* YOUR OBJECTIVE: What is needed here is an exact copy of every record below.

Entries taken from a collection
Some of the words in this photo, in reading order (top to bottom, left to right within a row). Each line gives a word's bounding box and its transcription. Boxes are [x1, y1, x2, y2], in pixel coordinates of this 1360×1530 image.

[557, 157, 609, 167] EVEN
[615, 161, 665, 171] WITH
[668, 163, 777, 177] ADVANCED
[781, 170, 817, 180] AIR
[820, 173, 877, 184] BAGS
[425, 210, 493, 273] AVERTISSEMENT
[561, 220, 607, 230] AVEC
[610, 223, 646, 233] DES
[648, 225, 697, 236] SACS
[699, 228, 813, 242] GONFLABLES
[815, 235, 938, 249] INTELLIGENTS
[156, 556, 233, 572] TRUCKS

* FINISHED TASK:
Some of the words in this photo, in reading order (top to bottom, left to right within a row). Each line gives a word's bounding box and its transcription. Boxes are [x1, y1, x2, y2], in pixel coordinates of this 1360×1530 image.

[557, 157, 609, 167] EVEN
[615, 161, 665, 171] WITH
[668, 163, 777, 177] ADVANCED
[781, 170, 817, 180] AIR
[820, 173, 877, 184] BAGS
[425, 210, 493, 273] AVERTISSEMENT
[561, 220, 607, 230] AVEC
[610, 223, 646, 233] DES
[648, 225, 697, 236] SACS
[699, 228, 813, 242] GONFLABLES
[815, 235, 938, 249] INTELLIGENTS
[156, 556, 233, 572] TRUCKS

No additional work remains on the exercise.